Drew dropped out on day twenty-six. He fractured a wrist on the assault course. The course wasn't that hard, but it was easy to have an accident when you'd already done three hours' physical training and hadn't slept the night before because Lt Surge blasted everyone in their beds with a fire hose.

Brendan got partnered up with Shauna, but he'd never spent more than a few hours without his identical twin before. He was thinking about giving up and restarting with his brother in a few months' time.

The physical training was the hardest thing Ash had ever done. The first time he threw up from exhaustion he froze in shock. Serena told him to keep running but Ash didn't listen. Brawly shoved Ash in the back, then crushed Ash's hand under his boot.

"If you stop training, you'd better be dead or unconscious," Brawly shouted. That was the closest Ash had come to quitting.

Ash was getting used to life in hell. He counted twelve scabs and twenty-six bruises on his body. That didn't include places he couldn't see. He showered twice a day, but he never had time to scrub the filth from difficult spots like nails or ears. His hair felt like straw, and grit sprayed out if he ran his hand through it, even if he'd just washed. If he got a chance for a haircut he was having the lot chopped off.

The worst part about training wasn't exhaustion, it was always being cold. Ash slept under a wafer-thin blanket in an unheated room. In the morning the floor was like ice on your soles. The instructors forced everyone under a freezing shower. Breakfast was always cereal and cold juice. Clothes never dried, they were damp and stiff as soon as you put them on. Not that it mattered for long. After five minutes on the assault course you were drenched in icy water and mud that crept down your trousers and kept you soggy for the rest of the day.
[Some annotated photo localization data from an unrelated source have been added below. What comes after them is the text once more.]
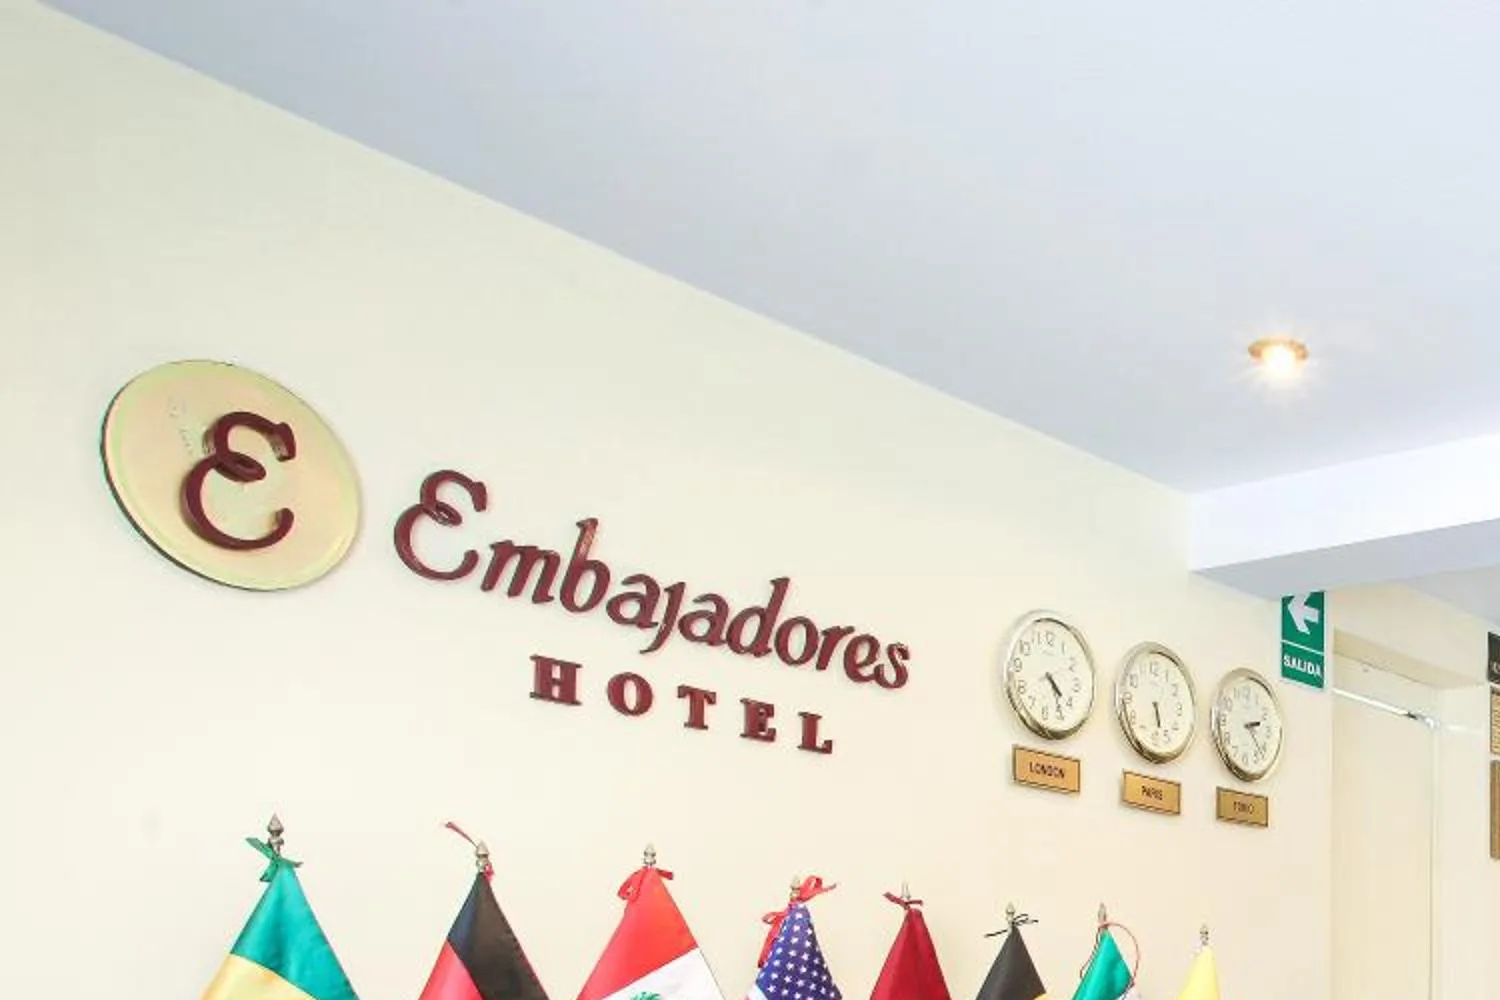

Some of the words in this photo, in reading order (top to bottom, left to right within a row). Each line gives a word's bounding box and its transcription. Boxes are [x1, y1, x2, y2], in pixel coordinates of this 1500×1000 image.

[394, 470, 910, 690] Embajadores
[1283, 654, 1322, 678] SALIDA
[529, 655, 834, 755] HOTEL
[1029, 761, 1065, 779] LONDON
[1141, 784, 1164, 801] PARIS
The trainees only felt tiny hints of warmth and each was bliss. Hot drinks at lunchtime, the warm evening shower and meal. If you were lucky you got an injury serious enough for a visit to the medical centre but not so bad you were thrown off the course. Then you got to wait for the nurse in a room kept at 22°C with a coffee machine and chocolate digestives, which you could dunk in your coffee and eat soggy and warm. Clemont and Brendan got these golden injuries; Ash could only dream.
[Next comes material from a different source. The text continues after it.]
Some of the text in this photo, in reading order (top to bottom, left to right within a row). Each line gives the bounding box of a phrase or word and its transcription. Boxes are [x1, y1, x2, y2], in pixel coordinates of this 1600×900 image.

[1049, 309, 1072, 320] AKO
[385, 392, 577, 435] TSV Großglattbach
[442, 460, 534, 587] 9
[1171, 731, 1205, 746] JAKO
The five hours of lessons sandwiched between physical training were the easiest part of the day. Weaponry was coolest. Shooting was only part of it. Ash now knew how to strip and clean a gun, how to defuse a bullet so it doesn't go off, how to put a gun back together wrong so it jams. Even how to take a bullet apart so that it explodes inside the chamber and blows away the finger on the trigger. They were starting knives in the next lesson.
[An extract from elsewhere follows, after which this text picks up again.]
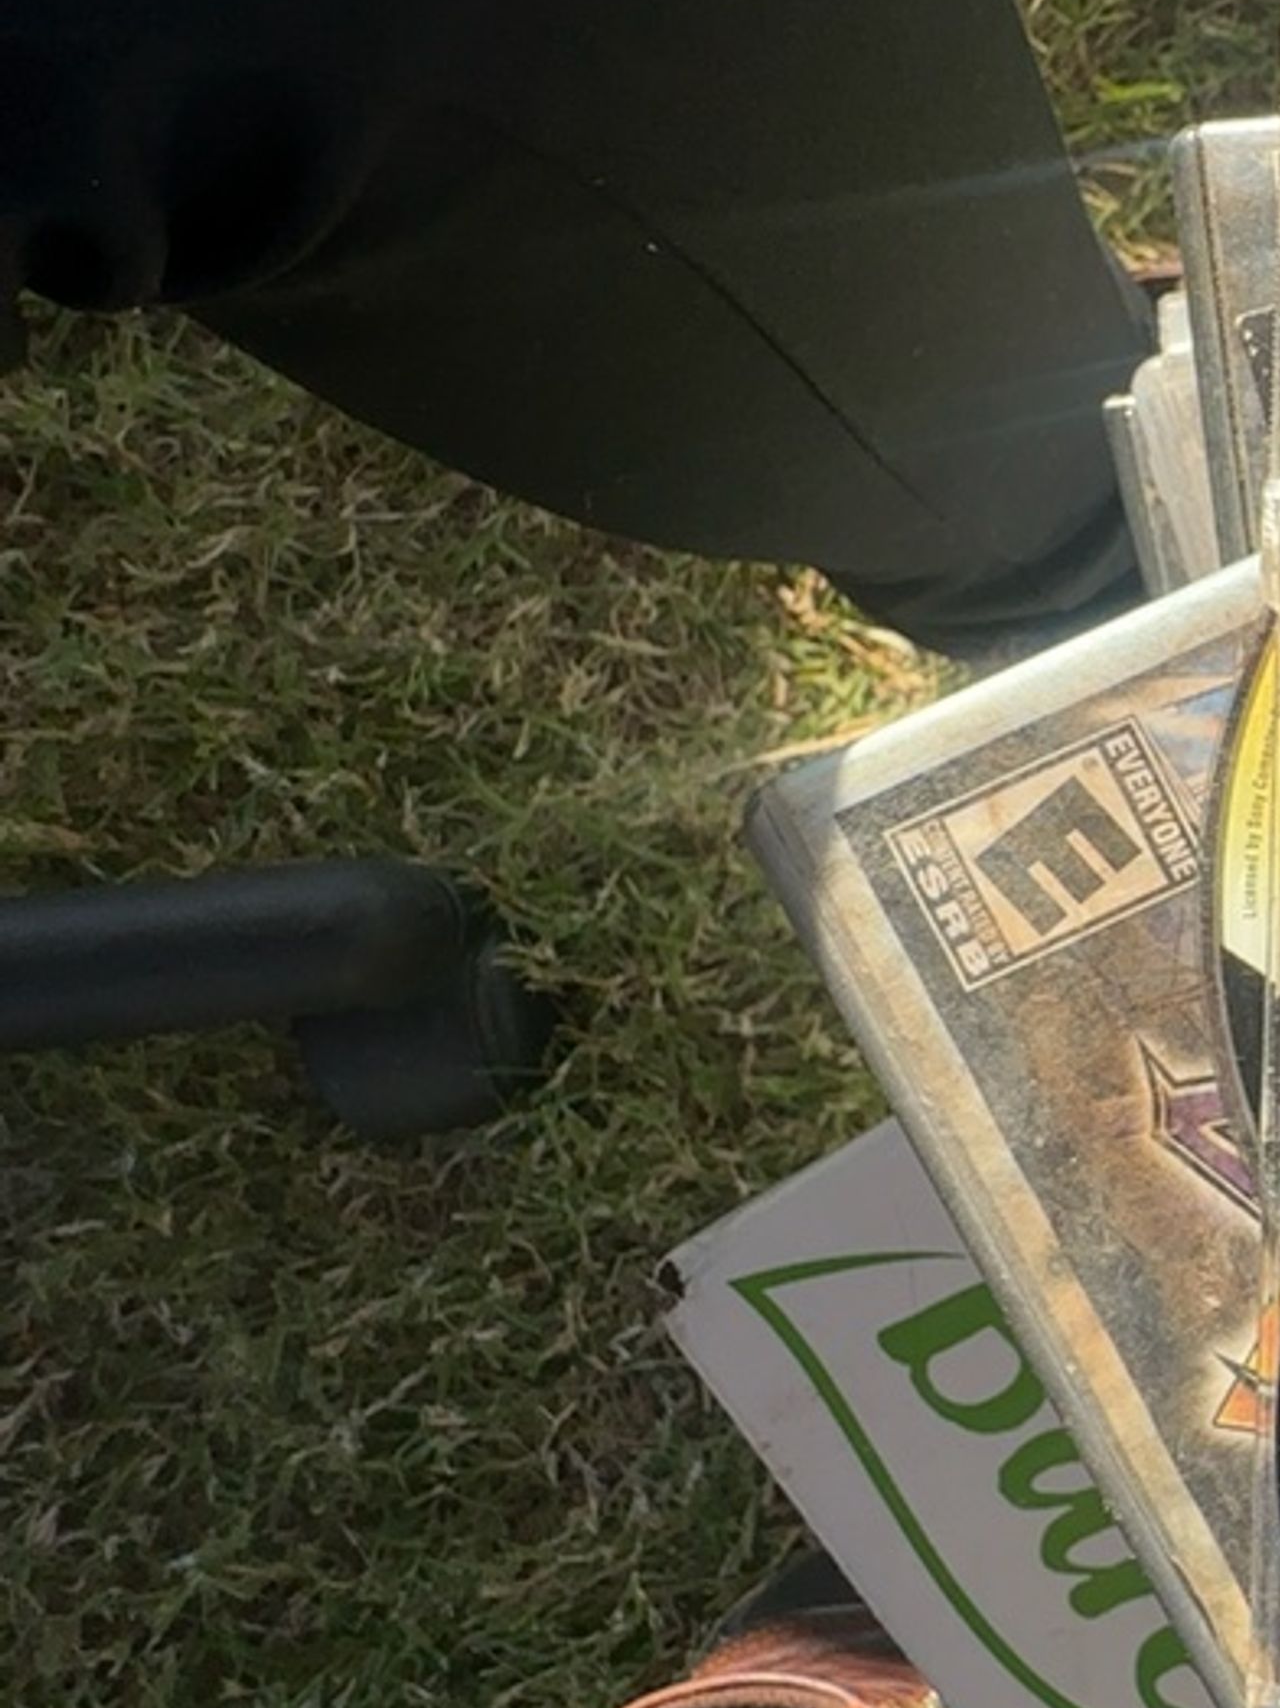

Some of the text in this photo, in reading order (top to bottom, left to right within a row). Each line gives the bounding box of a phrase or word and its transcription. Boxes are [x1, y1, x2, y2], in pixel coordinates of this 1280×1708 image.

[974, 775, 1143, 937] E
[1105, 731, 1198, 882] EVERYONE
[900, 832, 989, 977] ESRB
Espionage was all about gadgets. Electronic listening devices, computer hacking, lock picking, cameras, photocopiers. Nothing as fancy as you see in the movies. Mrs Flagg, the ex-KGB (Russian version of MI5) espionage teacher, always stood in the unheated classroom wearing fur-lined boots, a fur coat, hat and scarf while the trainees shivered in damp T-shirts. Occasionally she would bang her gloved hands together and moan about the cold not doing her varicose veins any good.